## WHAT TO WORK ON
Nothing but an exact copy of the listing should be given.

## RECORDS TO PROCESS

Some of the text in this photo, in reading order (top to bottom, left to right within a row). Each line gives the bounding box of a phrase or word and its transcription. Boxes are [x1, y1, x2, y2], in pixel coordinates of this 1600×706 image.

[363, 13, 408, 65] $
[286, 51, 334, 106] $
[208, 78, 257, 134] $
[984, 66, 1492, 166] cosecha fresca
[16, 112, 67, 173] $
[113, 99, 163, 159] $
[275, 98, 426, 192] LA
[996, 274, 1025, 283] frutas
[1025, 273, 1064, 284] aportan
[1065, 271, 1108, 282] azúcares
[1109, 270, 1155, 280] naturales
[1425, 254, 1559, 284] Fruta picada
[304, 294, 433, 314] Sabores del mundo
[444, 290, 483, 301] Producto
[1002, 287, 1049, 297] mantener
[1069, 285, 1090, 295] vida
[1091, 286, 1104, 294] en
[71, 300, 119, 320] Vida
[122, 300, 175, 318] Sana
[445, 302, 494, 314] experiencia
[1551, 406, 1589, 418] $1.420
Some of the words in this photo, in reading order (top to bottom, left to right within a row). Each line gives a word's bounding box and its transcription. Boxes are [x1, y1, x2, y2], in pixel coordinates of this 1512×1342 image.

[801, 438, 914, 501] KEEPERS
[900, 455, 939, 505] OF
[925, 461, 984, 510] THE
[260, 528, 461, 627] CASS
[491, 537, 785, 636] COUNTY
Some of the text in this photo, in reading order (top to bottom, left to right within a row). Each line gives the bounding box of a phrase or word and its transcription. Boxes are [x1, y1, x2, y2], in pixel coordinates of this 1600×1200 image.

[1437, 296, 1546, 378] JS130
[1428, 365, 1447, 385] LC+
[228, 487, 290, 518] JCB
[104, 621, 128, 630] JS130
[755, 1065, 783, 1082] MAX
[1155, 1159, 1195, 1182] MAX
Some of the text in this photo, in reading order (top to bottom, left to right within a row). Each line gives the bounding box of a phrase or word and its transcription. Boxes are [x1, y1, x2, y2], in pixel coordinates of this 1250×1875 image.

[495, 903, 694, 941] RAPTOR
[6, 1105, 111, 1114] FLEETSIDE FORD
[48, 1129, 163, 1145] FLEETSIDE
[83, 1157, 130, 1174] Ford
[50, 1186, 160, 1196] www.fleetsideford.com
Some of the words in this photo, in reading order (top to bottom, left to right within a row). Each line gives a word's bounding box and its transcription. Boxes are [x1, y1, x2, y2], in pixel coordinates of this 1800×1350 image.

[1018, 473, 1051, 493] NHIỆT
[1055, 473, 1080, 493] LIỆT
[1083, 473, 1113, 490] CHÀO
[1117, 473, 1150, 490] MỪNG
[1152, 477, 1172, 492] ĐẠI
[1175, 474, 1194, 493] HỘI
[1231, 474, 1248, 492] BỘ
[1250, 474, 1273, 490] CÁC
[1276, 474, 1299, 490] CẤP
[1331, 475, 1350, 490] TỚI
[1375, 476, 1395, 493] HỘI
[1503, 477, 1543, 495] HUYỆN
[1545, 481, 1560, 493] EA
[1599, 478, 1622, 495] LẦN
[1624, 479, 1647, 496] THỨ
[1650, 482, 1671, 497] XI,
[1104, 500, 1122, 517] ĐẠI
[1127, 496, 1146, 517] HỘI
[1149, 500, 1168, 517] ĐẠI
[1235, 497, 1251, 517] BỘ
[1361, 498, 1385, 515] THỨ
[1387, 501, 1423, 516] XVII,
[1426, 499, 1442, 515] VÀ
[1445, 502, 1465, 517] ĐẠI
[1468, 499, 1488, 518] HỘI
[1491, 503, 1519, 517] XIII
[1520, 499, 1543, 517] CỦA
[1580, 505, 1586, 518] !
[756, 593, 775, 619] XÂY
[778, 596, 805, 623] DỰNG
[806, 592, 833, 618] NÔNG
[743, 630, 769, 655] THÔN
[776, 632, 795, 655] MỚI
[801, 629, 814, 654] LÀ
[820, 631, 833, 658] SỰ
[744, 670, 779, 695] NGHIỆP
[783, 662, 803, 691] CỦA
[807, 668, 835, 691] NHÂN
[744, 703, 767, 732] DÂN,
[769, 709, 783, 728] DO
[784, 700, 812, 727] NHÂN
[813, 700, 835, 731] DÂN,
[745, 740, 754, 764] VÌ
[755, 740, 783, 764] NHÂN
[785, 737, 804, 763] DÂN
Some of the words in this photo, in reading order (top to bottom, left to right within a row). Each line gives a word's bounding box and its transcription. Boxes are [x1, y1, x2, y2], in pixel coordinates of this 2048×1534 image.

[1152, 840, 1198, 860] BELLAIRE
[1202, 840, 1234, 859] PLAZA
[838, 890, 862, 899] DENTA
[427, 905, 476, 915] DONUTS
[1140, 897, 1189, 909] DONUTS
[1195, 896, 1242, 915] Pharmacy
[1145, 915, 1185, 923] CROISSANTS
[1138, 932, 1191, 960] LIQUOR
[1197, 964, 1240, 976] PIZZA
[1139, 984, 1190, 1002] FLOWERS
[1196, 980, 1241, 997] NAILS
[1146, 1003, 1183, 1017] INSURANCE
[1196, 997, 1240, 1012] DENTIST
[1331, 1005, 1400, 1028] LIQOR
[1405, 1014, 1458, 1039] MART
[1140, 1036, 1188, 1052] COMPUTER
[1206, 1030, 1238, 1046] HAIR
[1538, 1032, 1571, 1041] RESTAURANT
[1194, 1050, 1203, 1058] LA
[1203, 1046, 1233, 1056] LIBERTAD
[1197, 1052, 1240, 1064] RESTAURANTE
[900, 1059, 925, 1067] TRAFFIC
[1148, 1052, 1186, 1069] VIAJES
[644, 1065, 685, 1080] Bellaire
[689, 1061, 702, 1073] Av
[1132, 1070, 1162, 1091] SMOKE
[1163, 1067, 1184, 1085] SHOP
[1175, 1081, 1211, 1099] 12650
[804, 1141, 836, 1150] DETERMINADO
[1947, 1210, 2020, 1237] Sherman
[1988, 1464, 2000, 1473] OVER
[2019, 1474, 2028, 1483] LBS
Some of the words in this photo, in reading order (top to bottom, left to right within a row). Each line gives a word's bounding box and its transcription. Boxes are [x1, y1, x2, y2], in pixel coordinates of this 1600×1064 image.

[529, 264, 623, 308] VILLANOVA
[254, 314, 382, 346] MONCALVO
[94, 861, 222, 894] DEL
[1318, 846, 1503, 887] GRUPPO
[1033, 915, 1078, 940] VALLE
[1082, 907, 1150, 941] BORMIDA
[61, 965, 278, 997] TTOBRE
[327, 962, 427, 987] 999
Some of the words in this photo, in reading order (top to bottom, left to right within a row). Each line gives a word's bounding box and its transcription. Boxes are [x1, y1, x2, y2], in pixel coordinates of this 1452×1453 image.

## SOLUTION TO THIS EXERCISE
Some of the text in this photo, in reading order (top to bottom, left to right within a row). Each line gives the bounding box of a phrase or word and its transcription. Boxes are [x1, y1, x2, y2], in pixel coordinates of this 1600×706 image.

[363, 13, 408, 65] $
[286, 51, 334, 106] $
[208, 78, 257, 134] $
[984, 66, 1492, 166] cosecha fresca
[16, 112, 67, 173] $
[113, 99, 163, 159] $
[275, 98, 426, 192] LA
[996, 274, 1025, 283] frutas
[1025, 273, 1064, 284] aportan
[1065, 271, 1108, 282] azúcares
[1109, 270, 1155, 280] naturales
[1425, 254, 1559, 284] Fruta picada
[304, 294, 433, 314] Sabores del mundo
[444, 290, 483, 301] Producto
[1002, 287, 1049, 297] mantener
[1069, 285, 1090, 295] vida
[1091, 286, 1104, 294] en
[71, 300, 119, 320] Vida
[122, 300, 175, 318] Sana
[445, 302, 494, 314] experiencia
[1551, 406, 1589, 418] $1.420
Some of the words in this photo, in reading order (top to bottom, left to right within a row). Each line gives a word's bounding box and its transcription. Boxes are [x1, y1, x2, y2], in pixel coordinates of this 1512×1342 image.

[801, 438, 914, 501] KEEPERS
[900, 455, 939, 505] OF
[925, 461, 984, 510] THE
[260, 528, 461, 627] CASS
[491, 537, 785, 636] COUNTY
Some of the text in this photo, in reading order (top to bottom, left to right within a row). Each line gives the bounding box of a phrase or word and its transcription. Boxes are [x1, y1, x2, y2], in pixel coordinates of this 1600×1200 image.

[1437, 296, 1546, 378] JS130
[1428, 365, 1447, 385] LC+
[228, 487, 290, 518] JCB
[104, 621, 128, 630] JS130
[755, 1065, 783, 1082] MAX
[1155, 1159, 1195, 1182] MAX
Some of the text in this photo, in reading order (top to bottom, left to right within a row). Each line gives the bounding box of a phrase or word and its transcription. Boxes are [x1, y1, x2, y2], in pixel coordinates of this 1250×1875 image.

[495, 903, 694, 941] RAPTOR
[6, 1105, 111, 1114] FLEETSIDE FORD
[48, 1129, 163, 1145] FLEETSIDE
[83, 1157, 130, 1174] Ford
[50, 1186, 160, 1196] www.fleetsideford.com
Some of the words in this photo, in reading order (top to bottom, left to right within a row). Each line gives a word's bounding box and its transcription. Boxes are [x1, y1, x2, y2], in pixel coordinates of this 1800×1350 image.

[1018, 473, 1051, 493] NHIỆT
[1055, 473, 1080, 493] LIỆT
[1083, 473, 1113, 490] CHÀO
[1117, 473, 1150, 490] MỪNG
[1152, 477, 1172, 492] ĐẠI
[1175, 474, 1194, 493] HỘI
[1231, 474, 1248, 492] BỘ
[1250, 474, 1273, 490] CÁC
[1276, 474, 1299, 490] CẤP
[1331, 475, 1350, 490] TỚI
[1375, 476, 1395, 493] HỘI
[1503, 477, 1543, 495] HUYỆN
[1545, 481, 1560, 493] EA
[1599, 478, 1622, 495] LẦN
[1624, 479, 1647, 496] THỨ
[1650, 482, 1671, 497] XI,
[1104, 500, 1122, 517] ĐẠI
[1127, 496, 1146, 517] HỘI
[1149, 500, 1168, 517] ĐẠI
[1235, 497, 1251, 517] BỘ
[1361, 498, 1385, 515] THỨ
[1387, 501, 1423, 516] XVII,
[1426, 499, 1442, 515] VÀ
[1445, 502, 1465, 517] ĐẠI
[1468, 499, 1488, 518] HỘI
[1491, 503, 1519, 517] XIII
[1520, 499, 1543, 517] CỦA
[1580, 505, 1586, 518] !
[756, 593, 775, 619] XÂY
[778, 596, 805, 623] DỰNG
[806, 592, 833, 618] NÔNG
[743, 630, 769, 655] THÔN
[776, 632, 795, 655] MỚI
[801, 629, 814, 654] LÀ
[820, 631, 833, 658] SỰ
[744, 670, 779, 695] NGHIỆP
[783, 662, 803, 691] CỦA
[807, 668, 835, 691] NHÂN
[744, 703, 767, 732] DÂN,
[769, 709, 783, 728] DO
[784, 700, 812, 727] NHÂN
[813, 700, 835, 731] DÂN,
[745, 740, 754, 764] VÌ
[755, 740, 783, 764] NHÂN
[785, 737, 804, 763] DÂN
Some of the words in this photo, in reading order (top to bottom, left to right within a row). Each line gives a word's bounding box and its transcription. Boxes are [x1, y1, x2, y2], in pixel coordinates of this 2048×1534 image.

[1152, 840, 1198, 860] BELLAIRE
[1202, 840, 1234, 859] PLAZA
[838, 890, 862, 899] DENTA
[427, 905, 476, 915] DONUTS
[1140, 897, 1189, 909] DONUTS
[1195, 896, 1242, 915] Pharmacy
[1145, 915, 1185, 923] CROISSANTS
[1138, 932, 1191, 960] LIQUOR
[1197, 964, 1240, 976] PIZZA
[1139, 984, 1190, 1002] FLOWERS
[1196, 980, 1241, 997] NAILS
[1146, 1003, 1183, 1017] INSURANCE
[1196, 997, 1240, 1012] DENTIST
[1331, 1005, 1400, 1028] LIQOR
[1405, 1014, 1458, 1039] MART
[1140, 1036, 1188, 1052] COMPUTER
[1206, 1030, 1238, 1046] HAIR
[1538, 1032, 1571, 1041] RESTAURANT
[1194, 1050, 1203, 1058] LA
[1203, 1046, 1233, 1056] LIBERTAD
[1197, 1052, 1240, 1064] RESTAURANTE
[900, 1059, 925, 1067] TRAFFIC
[1148, 1052, 1186, 1069] VIAJES
[644, 1065, 685, 1080] Bellaire
[689, 1061, 702, 1073] Av
[1132, 1070, 1162, 1091] SMOKE
[1163, 1067, 1184, 1085] SHOP
[1175, 1081, 1211, 1099] 12650
[804, 1141, 836, 1150] DETERMINADO
[1947, 1210, 2020, 1237] Sherman
[1988, 1464, 2000, 1473] OVER
[2019, 1474, 2028, 1483] LBS
Some of the words in this photo, in reading order (top to bottom, left to right within a row). Each line gives a word's bounding box and its transcription. Boxes are [x1, y1, x2, y2], in pixel coordinates of this 1600×1064 image.

[529, 264, 623, 308] VILLANOVA
[254, 314, 382, 346] MONCALVO
[94, 861, 222, 894] DEL
[1318, 846, 1503, 887] GRUPPO
[1033, 915, 1078, 940] VALLE
[1082, 907, 1150, 941] BORMIDA
[61, 965, 278, 997] TTOBRE
[327, 962, 427, 987] 999
Some of the words in this photo, in reading order (top to bottom, left to right within a row). Each line gives a word's bounding box and its transcription. Boxes are [x1, y1, x2, y2], in pixel coordinates of this 1452×1453 image.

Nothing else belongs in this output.